From Asking Why to Calculating Answers

Calvin Wong’s childhood interest in science led him to seek solutions through mathematics. As a doctoral student at UT, he’s been working on research in materials modeling at ORNL.
3 Cs of a Math PhD Student
Calvin Wong’s pursuit of a PhD in applied mathematics at UT is based on what he calls the “3 Cs”:
- Curiosity. “I love hard questions,” Wong said.
- Confidence. Mentors and his success in science, technology, engineering, and math (STEM) competitions proved he could succeed.
- Calling. Wong sees the ability to use math and computation to do something useful for society.

For Ming-Hei (Calvin) Wong, pursuing mathematics in college was about chasing the “why.”
“When I was a kid in Hong Kong, my dad let me watch MythBusters on his computer,” Wong said. “It doubled as English practice and my first real taste of science—science you can see, measure, and argue about. I thought it was awesome, and I became that kid who kept asking ‘Why?’ about everything.”
As an undergraduate student, Wong realized he could use computational mathematics and physics to make models, solvers, and tools. “It changed my early stereotype of academia as something far from everyday life,” he said.
Now a fourth-year doctoral student in applied math at UT, he works on computational partial differential equations (PDEs), multigrid methods, and diffuse-domain techniques. “I’ve done summer research in ORNL (Oak Ridge National Laboratory) on materials modeling, and I enjoy building real codes—MATLAB and Python—to test ideas at scale,” Wong said. “Teaching undergrads also keeps me honest about clarity and impact.”
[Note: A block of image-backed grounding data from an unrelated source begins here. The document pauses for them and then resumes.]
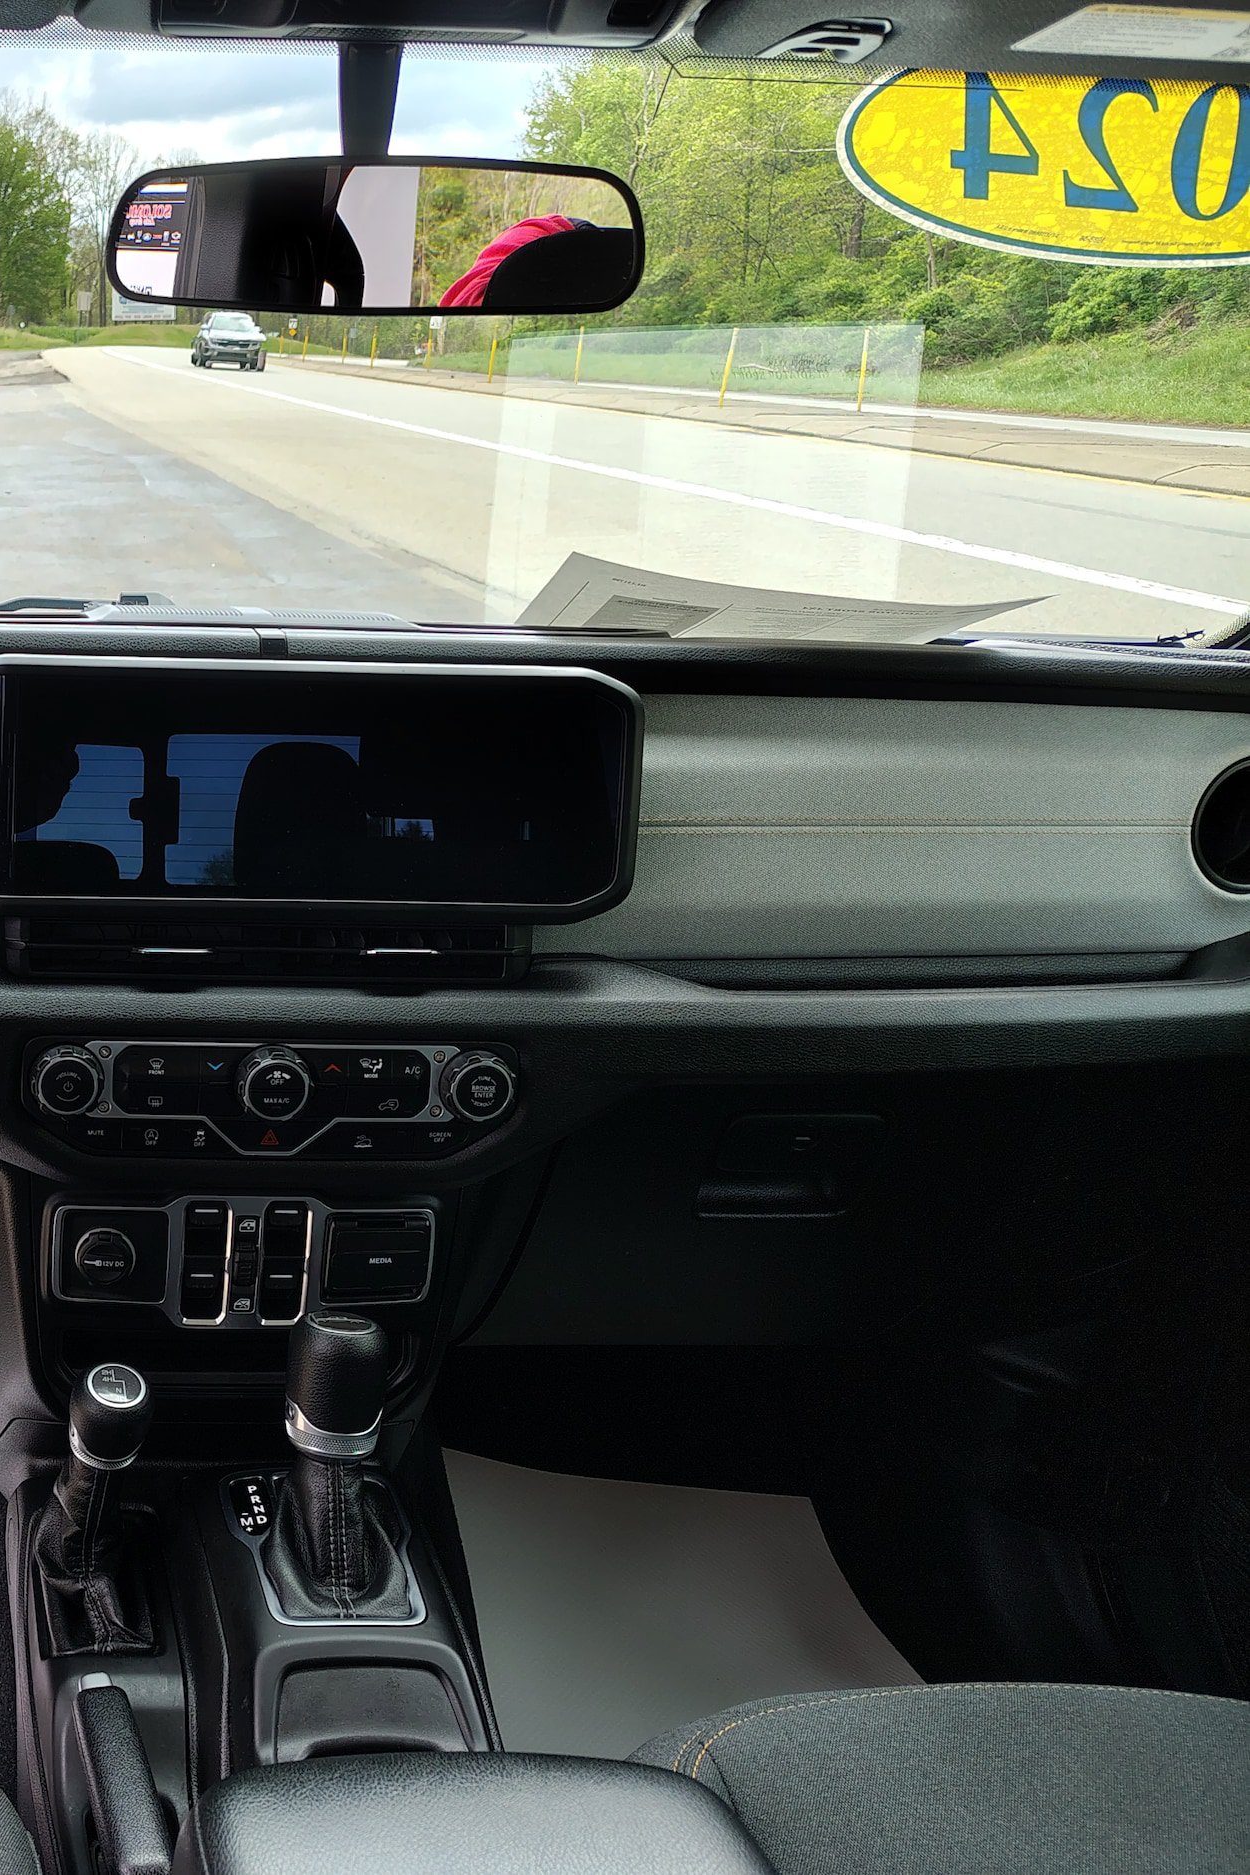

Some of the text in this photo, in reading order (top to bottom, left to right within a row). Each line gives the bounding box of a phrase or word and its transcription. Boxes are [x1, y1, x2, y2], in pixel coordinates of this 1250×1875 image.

[59, 1070, 78, 1079] VOLUME
[404, 1065, 421, 1076] A/C
[270, 1078, 285, 1086] OFF
[277, 1097, 290, 1105] A/C
[473, 1100, 493, 1108] SCROLL
[369, 1257, 393, 1266] MEDIA
[247, 1485, 258, 1494] P
[250, 1495, 262, 1504] R
[253, 1505, 265, 1514] N
[240, 1517, 254, 1526] M
[256, 1515, 267, 1524] D
“UT’s deep collaboration with ORNL gives me day-to-day access to cutting-edge facilities and problems that matter,” he said. “For someone developing computational methods for PDEs and materials modeling, that ecosystem accelerates both my research and my network—faculty, lab scientists, and industry partners. It’s the ideal place to build tools, publish, and form long-term connections.”
Wong’s research includes a mix of projects that are theoretical and that have a direct impact on society.
A core part of his dissertation is related to using the Diffuse-Domain Method (DDM) for solving PDEs. “The DDM lets us solve PDEs with complex and/or moving domains in a pretty pain-free and accurate way, without all the hand-tuned corrections or remeshing you often need in traditional methods like the Finite Element Method (FEM),” Wong said. “We’ve established parts of the theory, and now I’m extending the work from simpler models to fluid-dynamics models.”
He’s also using state-of-the-art scientific machine-learning tools to predict the stable configuration of a metal lattice. “This is a combinatorial optimization problem whose possibilities grow roughly factorially with system size, so brute force isn’t an option,” Wong said. “With reinforcement learning over a graph-neural-network view of the lattice, we’re getting very strong computational efficiency and high-quality solutions on modern CPUs/GPUs.”
Along with UT mathematics Professors Steven M. Wise and Abner Salgado, he is also a co-author on a new graduate-level textbook, Multigrid Methods: Axiomatic Convergence Theory for Linear and Weakly Nonlinear Problems. “Multigrid methods are modern, elegant, and demanding—you have to connect a lot of dots across numerical linear algebra and PDE solvers—but that’s exactly why they’re so satisfying,” Wong said.
“Working with Dr. Wise, a leader in the area, has been an honor,” Wong said. “He put me in charge of writing the runnable code for the book, so I make sure everything works and is written in a way readers can easily follow.”
“Co-authoring a math textbook as a grad student is pretty rare, and I’m grateful he saw the potential in me and brought me onto the team,” Wong said.
Wong met Wise in his first year as a graduate student, and Wise is the advisor for his dissertation. “He sets the bar high and relentlessly helps me to achieve it,” Wong said. “As an international student, he would also invite me to his family’s barbecue party and Thanksgiving party, to help me understand this nation better.”
Professor Cory Hauck, leader of the Multiscale Methods Group at ORNL, has been an important mentor. “He is an experienced scientist in his field, and I learn a lot about how the industry works under his supervision in the lab,” Wong said. Under Hauck’s guidance, he has also learned about the workplace etiquette for scientists in a lab and the importance of effective communication.
Wong appreciates the support he has received at UT through the Math Department Fellowship and the Dawn and Lawrence Taylor Dissertation Awards Endowment/Fellowship.